Le membre du Conseil des gouverneurs de la BCE, Gabriel Makhlouf, a déclaré vendredi que la Banque centrale européenne devait agir rapidement en matière de politique monétaire afin de garder une longueur d’avance sur les pressions inflationnistes, les hausses de prix devenant plus généralisées. Il a ajouté que l’inaction constituerait une erreur de politique, selon des propos rapportés en séance européenne.
Les marchés ont peu réagi.
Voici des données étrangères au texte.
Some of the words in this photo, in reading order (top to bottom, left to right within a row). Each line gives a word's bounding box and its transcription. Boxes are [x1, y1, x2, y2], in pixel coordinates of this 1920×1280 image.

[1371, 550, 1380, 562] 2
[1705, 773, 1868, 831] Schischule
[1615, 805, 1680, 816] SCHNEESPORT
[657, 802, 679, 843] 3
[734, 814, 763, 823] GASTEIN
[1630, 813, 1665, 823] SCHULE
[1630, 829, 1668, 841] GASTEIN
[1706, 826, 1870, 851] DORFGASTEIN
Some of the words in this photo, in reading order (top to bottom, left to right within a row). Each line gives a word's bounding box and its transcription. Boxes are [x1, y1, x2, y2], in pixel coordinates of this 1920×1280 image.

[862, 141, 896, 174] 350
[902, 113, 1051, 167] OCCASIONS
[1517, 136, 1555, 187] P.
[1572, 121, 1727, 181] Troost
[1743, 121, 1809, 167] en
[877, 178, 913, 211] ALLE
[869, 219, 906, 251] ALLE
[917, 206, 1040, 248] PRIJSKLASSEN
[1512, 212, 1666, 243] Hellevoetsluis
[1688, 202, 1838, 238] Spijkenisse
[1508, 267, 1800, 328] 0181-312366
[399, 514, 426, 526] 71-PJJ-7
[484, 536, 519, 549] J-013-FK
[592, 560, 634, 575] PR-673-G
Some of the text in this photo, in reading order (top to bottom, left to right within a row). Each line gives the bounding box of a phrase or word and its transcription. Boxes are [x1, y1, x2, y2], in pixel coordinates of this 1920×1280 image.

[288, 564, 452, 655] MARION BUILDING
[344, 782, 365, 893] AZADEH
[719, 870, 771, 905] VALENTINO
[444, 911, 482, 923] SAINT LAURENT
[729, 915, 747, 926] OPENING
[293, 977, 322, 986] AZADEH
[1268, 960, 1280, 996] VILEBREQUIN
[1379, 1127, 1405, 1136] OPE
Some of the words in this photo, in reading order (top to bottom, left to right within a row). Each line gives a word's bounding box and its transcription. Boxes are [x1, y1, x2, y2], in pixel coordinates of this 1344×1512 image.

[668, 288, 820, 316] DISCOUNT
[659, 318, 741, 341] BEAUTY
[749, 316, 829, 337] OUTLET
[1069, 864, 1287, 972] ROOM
Pendant les heures de cotation en Europe, l’EUR/USD était décrit comme étant davantage guidé par le dollar américain que par les commentaires de la BCE, et la paire cédait 0,15% autour de 1,1560. La BCE, basée à Francfort, définit la politique monétaire de la zone euro avec un mandat de stabilité des prix visant une inflation proche de 2%, principalement via les taux d’intérêt. Le Conseil des gouverneurs se réunit huit fois par an et comprend les gouverneurs des banques centrales nationales ainsi que six membres permanents, dont la présidente Christine Lagarde. En période de conditions extrêmes, l’institution peut recourir à l’assouplissement quantitatif (QE), utilisé en 2009-2011, de nouveau en 2015, puis pendant la pandémie de Covid, tandis que le resserrement quantitatif (QT) inverse le QE en interrompant les nouveaux achats d’obligations et en mettant fin au réinvestissement du principal arrivant à échéance.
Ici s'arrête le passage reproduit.